Venue par la côte
À l’amour de ma vie.
Carmelina chantait : Dodo, l’enfant do/l’enfant dormira bien vite. /Dodo, l’enfant do/l’enfant dormira bientôt. Carmelina lisait : « N’embrassez vos enfants que lorsqu’ils sont au lit, déjà endormis. Ne les habituez pas aux caresses. Qu’ils soient forts, solides, inflexibles. Obéissants, vainqueurs. Durs comme l’acier… Krupp Stahl. » Conseils aux mères, années trente du fameux XXe siècle. « Qu’ils ne se laissent pas émouvoir. Qu’ils tiennent bon dans la droite voie. Marchant au pas. Le regard après l’horizon. L’arme à l’épaule et puis braquée… »
Carmelina lève les yeux de sa lecture. Elle s’interroge, penchée sur le lit-cage de son petit Daniel. Se rappelle la phrase de Hillel « Ne fais jamais à autrui ce que tu ne voudrais pas que l’on te fît. » Et ces mots, comme en écho : « Aimez-vous les uns les autres. » Mais ici : « Ne pas se laisser émouvoir. » Comment concilier ces vues contraires ?..
« Carme ! On passe à table ? J’ai faim ! » Il n’avait pas la voix douce, l’homme. Il avait lu le journal, surtout la page des sports, pendant qu’elle avait préparé le repas et mis l’enfant au lit. Pierre-Karl avait travaillé « dehors » toute la journée. Carmelina aussi, à l’hôpital. Mais lui, le pater familias, il n’avait qu’à s’attabler et se faire servir. À chacun sa tâche et les vaches seront bien gardées. Les vaches n’étaient déjà plus celles que l’on croyait. On l’ignorait encore mais on ne perdait rien pour attendre. D’ailleurs, qu’attendait-on ? S’attendait-on seulement à quelque chose ? Vaguement, oui, en lisant dans les tristes pages des journaux les nouvelles venues de l’Est. Mais ces choses se passent si loin d’ici, pas vrai ? Qu’ils se battent entre eux, notre pays est neutre et le restera, reconnu comme tel. Seulement, Carmelina et Pierre-Karl ne pouvaient pas savoir que l’Histoire, « avec sa grande hache », les séparerait bientôt et les réunirait, des mois plus tard, sur les ruines de leur maison. Avec le doux Daniel à qui ils feraient bientôt une petite sœur : Mirjam. Car Pierre-Karl avait hâte de ressusciter sa petite sœur défunte. Mais Carmelina, tout en dorlotant son petit, avait pensé se consacrer encore à ses malades… Chérir un seul enfant lui suffisait. Pourquoi se disperser ? Qui trop embrasse mal étreint.
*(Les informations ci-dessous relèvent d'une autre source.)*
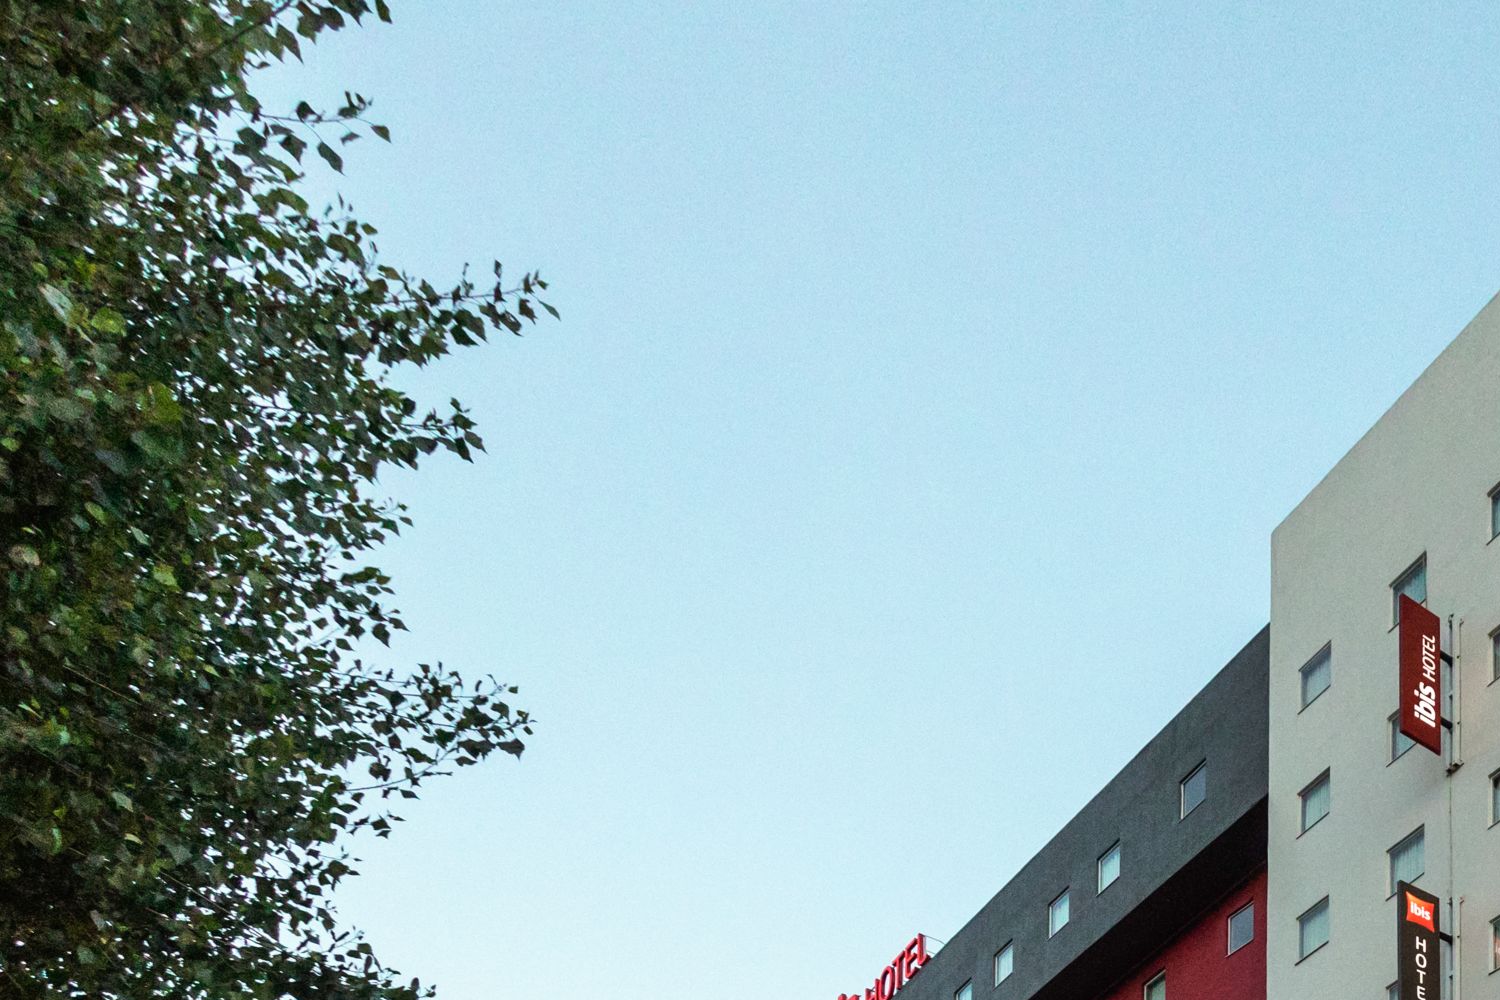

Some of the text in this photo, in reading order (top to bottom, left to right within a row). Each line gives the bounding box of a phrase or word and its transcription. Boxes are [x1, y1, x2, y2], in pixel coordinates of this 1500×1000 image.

[1413, 634, 1436, 728] ibis HOTEL
[1410, 901, 1431, 921] ibis
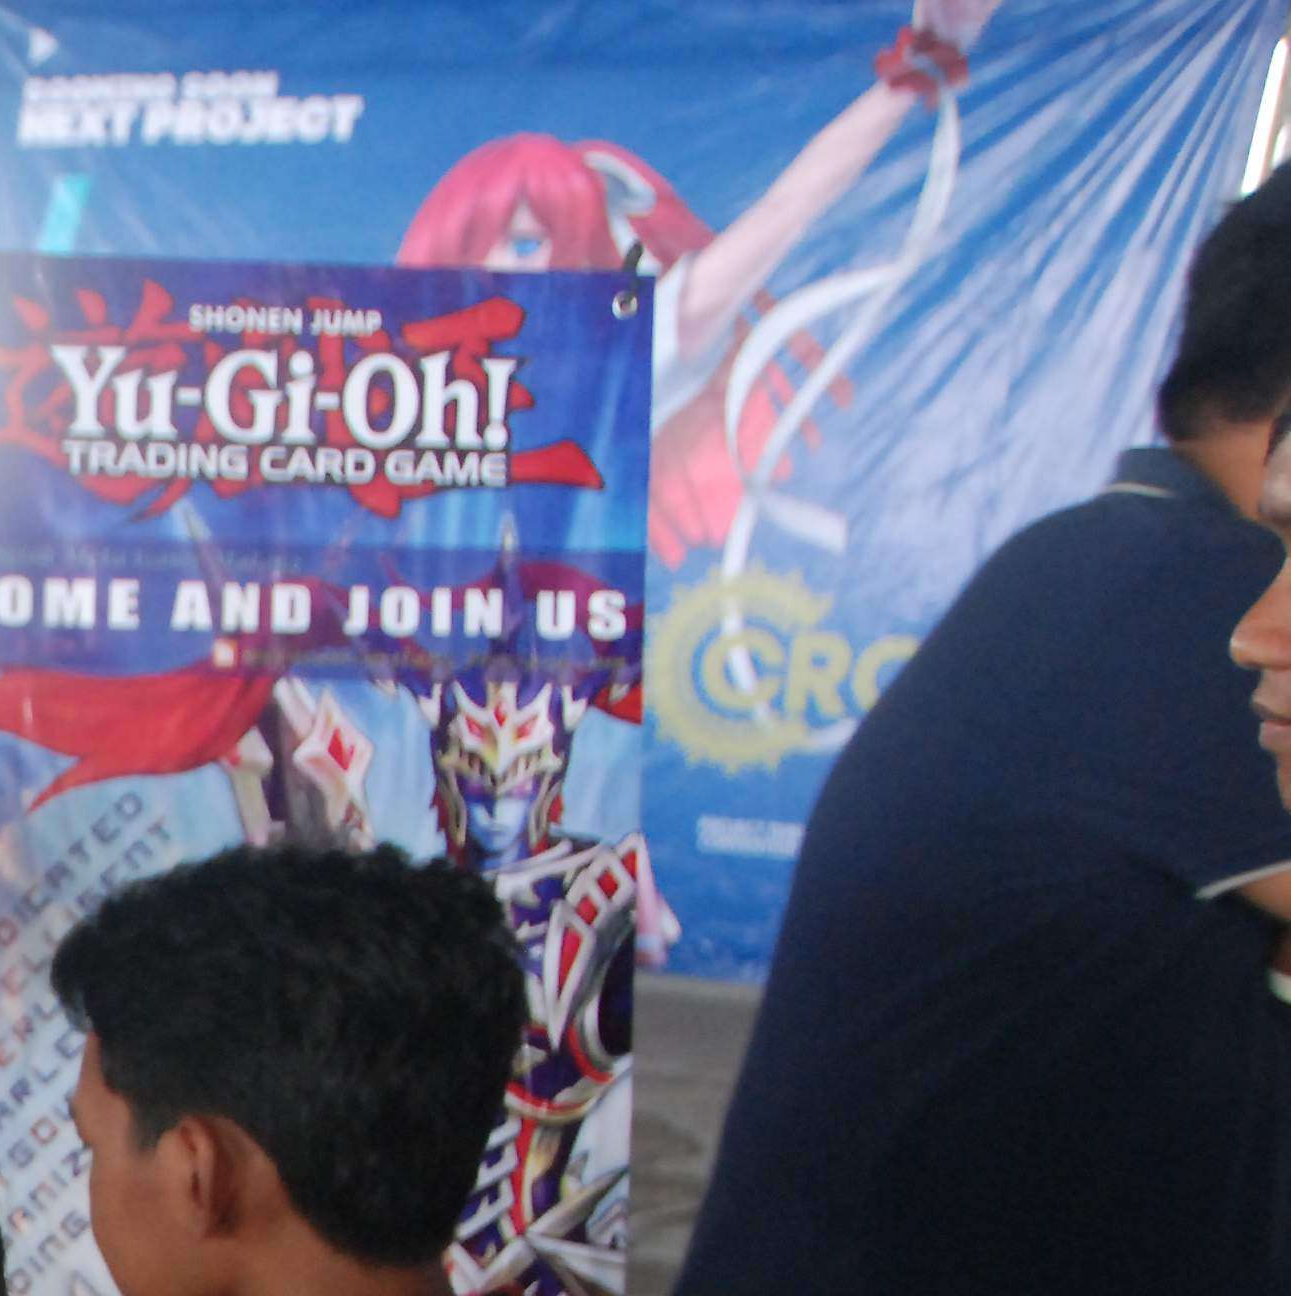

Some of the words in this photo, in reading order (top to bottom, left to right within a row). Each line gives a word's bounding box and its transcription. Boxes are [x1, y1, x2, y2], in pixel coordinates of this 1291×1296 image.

Mais quoi ? C’est qui qu’est maître ici ? Moi, je te rentre dedans sans sonner à la porte. Pierre-Karl se partageait entre son bureau à l’usine, la fanfare du village et les comptes du ménage. Il faudrait attendre bien des années encore avant que les femmes, alors considérées comme mineures, puissent disposer de leur avoir : dot, héritage, salaire. À elles les tâches domestiques. Comme l’horrible moustachu hurlait Kinder, Küche, Kirche ‒ les trois K pour : les gosses, la cuisine, l’église.
‒ C’est à c’t-heure-ci qu’tu rentres ?
‒ Ô ! Pierre-Karl, si tu savais…
‒ Quoi ! J’ai faim, moi !
‒ Au moment où nous allions quitter l’hôpital, on nous a amené en urgence un gamin de trois ans. Son père, de rage de ne pas être obéi, a saisi le petit et l’a assis sur le poêle. Tu aurais dû voir ces petites fesses toutes brûlées ! Et le petit qui hurlait ! Tu aurais pensé à regarder l’heure, toi ?
‒ C’est pas marrant tous les jours d’être parent, hein ? Marrant… Parent…
Carmelina n’écoutait plus. Elle avait foncé à la cuisine pour préparer le repas. Parfois, Pierre-Karl lui faisait peur. Il savait se conduire comme un sans-cœur.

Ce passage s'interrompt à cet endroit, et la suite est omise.